Faecal carriage of multidrug-resistant and extended-spectrum β-lactamase-producing Enterobacterales in people living with HIV in Yaoundé, Cameroon

Objectives: Antibiotic resistance (AR) is a global health issue with multidimensional repercussions. There is a paucity of data regarding the molecular epidemiology of multidrug-resistant Enterobacterales (MDR-E) and extended-spectrum ß-lactamase-producing Enterobacterales (ESBL-PE) in Africa, especially among people living with HIV (PLHIV).
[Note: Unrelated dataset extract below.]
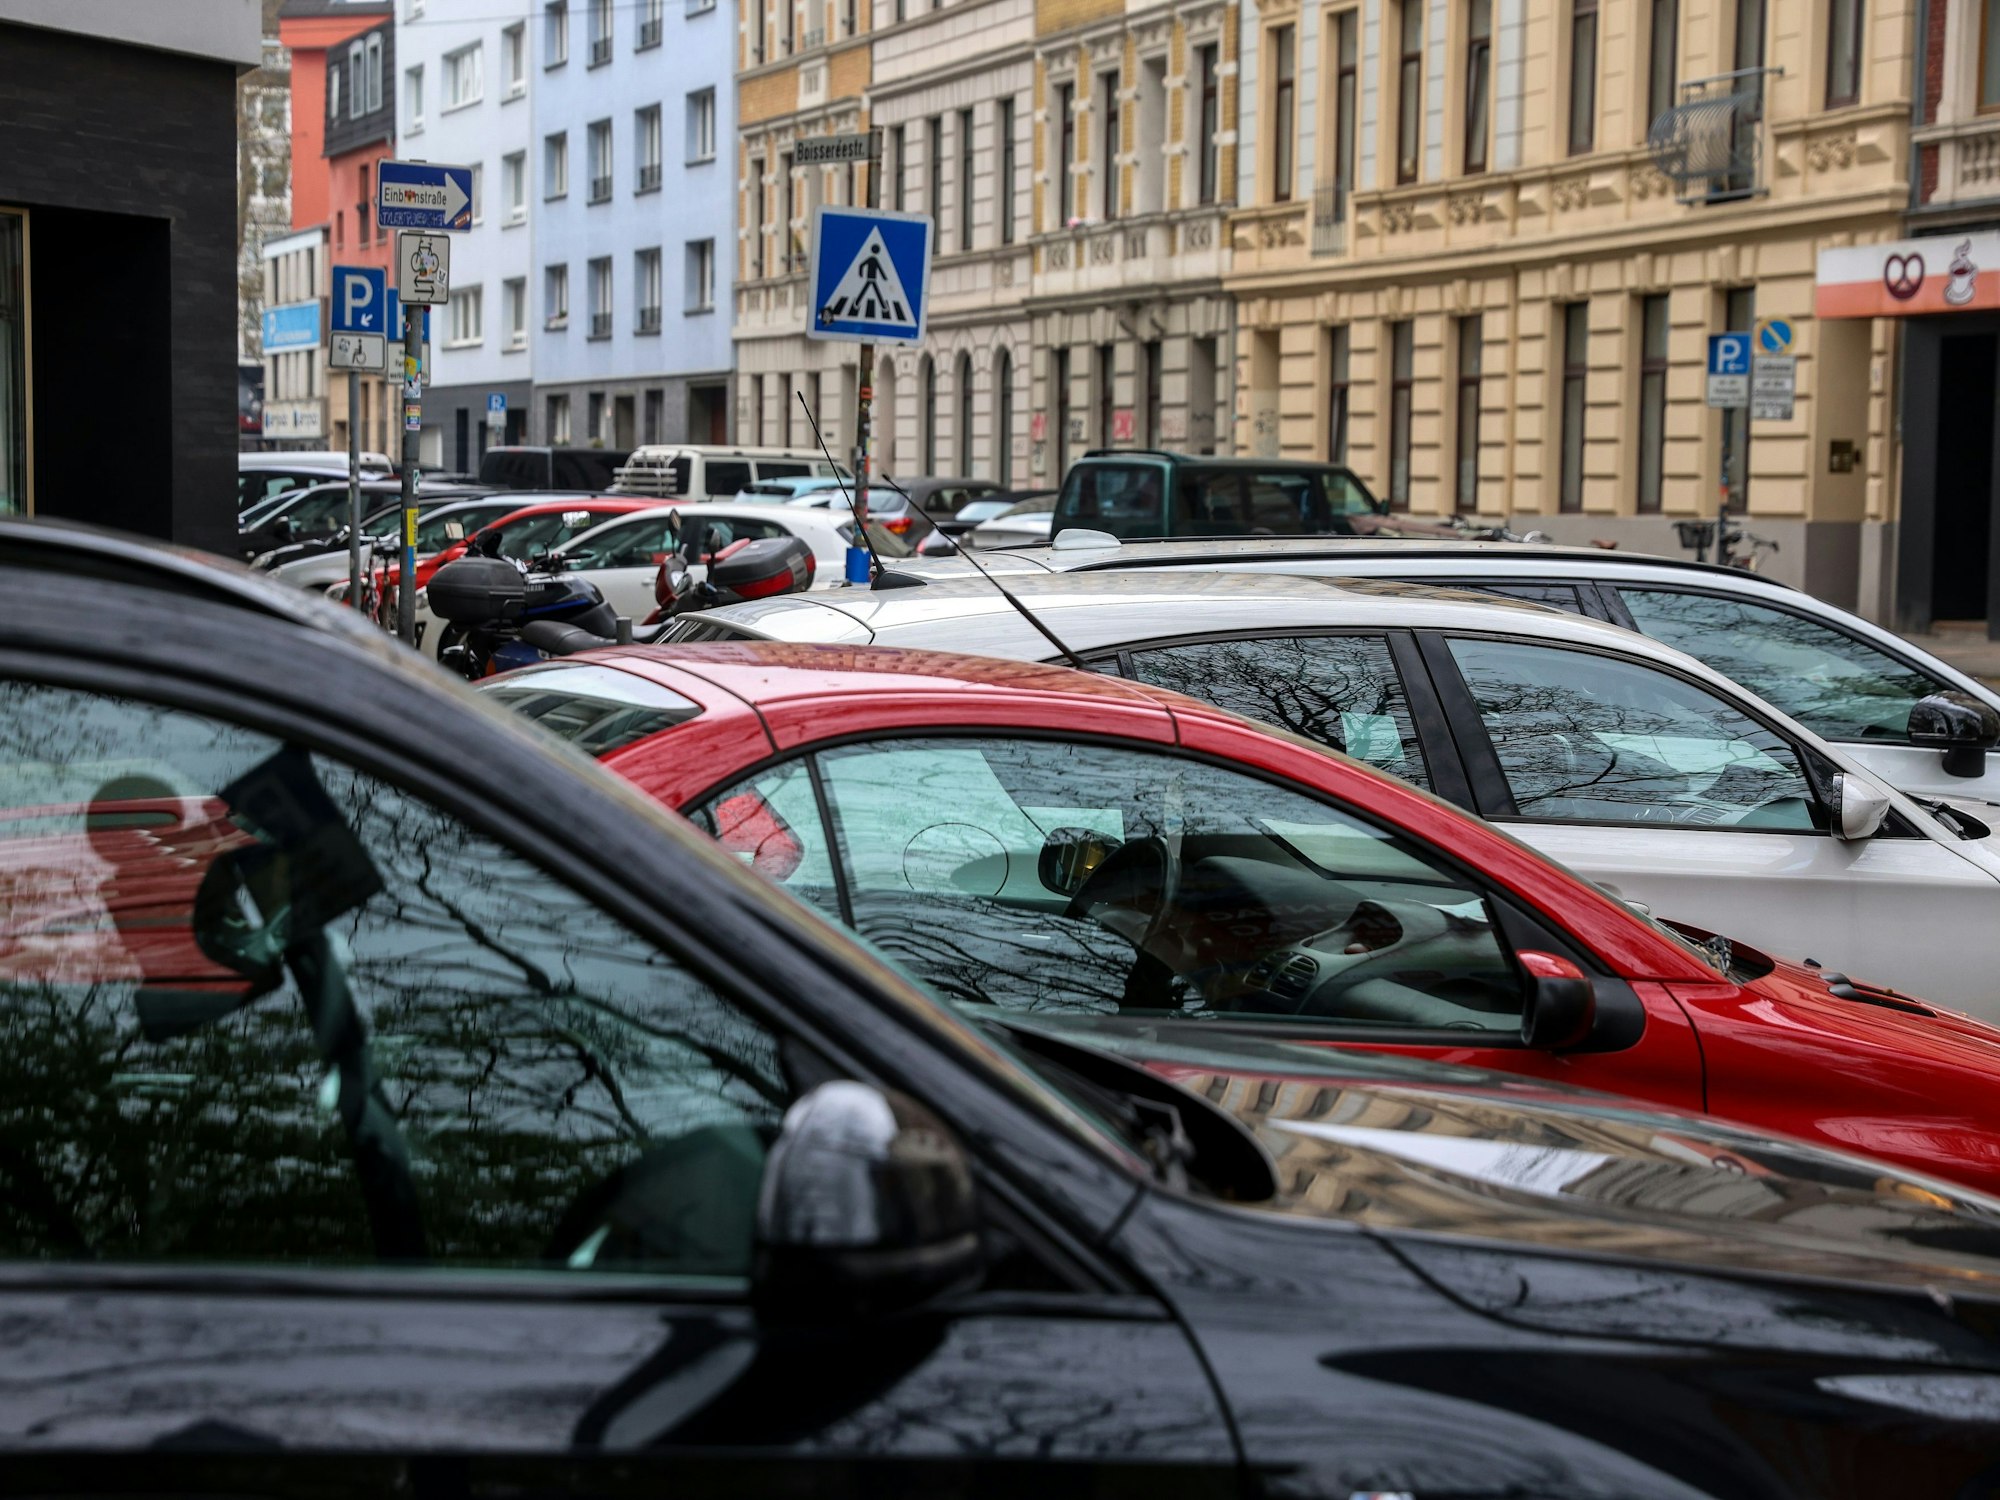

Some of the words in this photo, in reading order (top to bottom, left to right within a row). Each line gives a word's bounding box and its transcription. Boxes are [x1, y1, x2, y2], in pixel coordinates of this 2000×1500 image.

This study aimed at determining the prevalence, risk factors, phenotypic and genotypic profiles of MDR-E and ESBL-PE isolated from PLHIV in Yaoundé, Cameroon. Methods: In total, samples were collected from 185 PLHIV during a three-month period (April–June 2021) at the Yaoundé Central Hospital. Stool samples and rectal swabs were collected and cultured on MacConkey agar. The API 20E kit was used for the phenotypic identification of the isolates, whereas antibiotic susceptibility testing was performed using the Kirby-Bauer disk diffusion method. The ß-lactamase genes and genotypic relatedness were studied by PCR and ERIC-PCR, respectively. Results: The prevalence of MDR-E among PLHIV was 81%, of which 39% were ESBL-PE. A high level of resistance to fosfomycin (89%), chloramphenicol (63%), and gentamicin (56%) was observed. Escherichia coli was the predominant MDR non-ESBL-PE (80.8%) and MDR ESBL-PE (73.77%). The principal ß-lactamases genes in MDR non-ESBL and MDR ESBL-PE were bla_TEM (62.90%) and bla_CTX-M (40.86%), respectively. Genetic fingerprinting revealed high genetic relatedness among E. coli isolates. Conclusion: This study shows a high prevalence of MDR-E and ESBL-PE in the gut of PLHIV in Yaoundé, with bla_TEM and bla_CTX-M being the most prevalent. It demonstrates the need to strengthen real-time surveillance of these resistant bacteria in order to improve management of infection among PLHIV.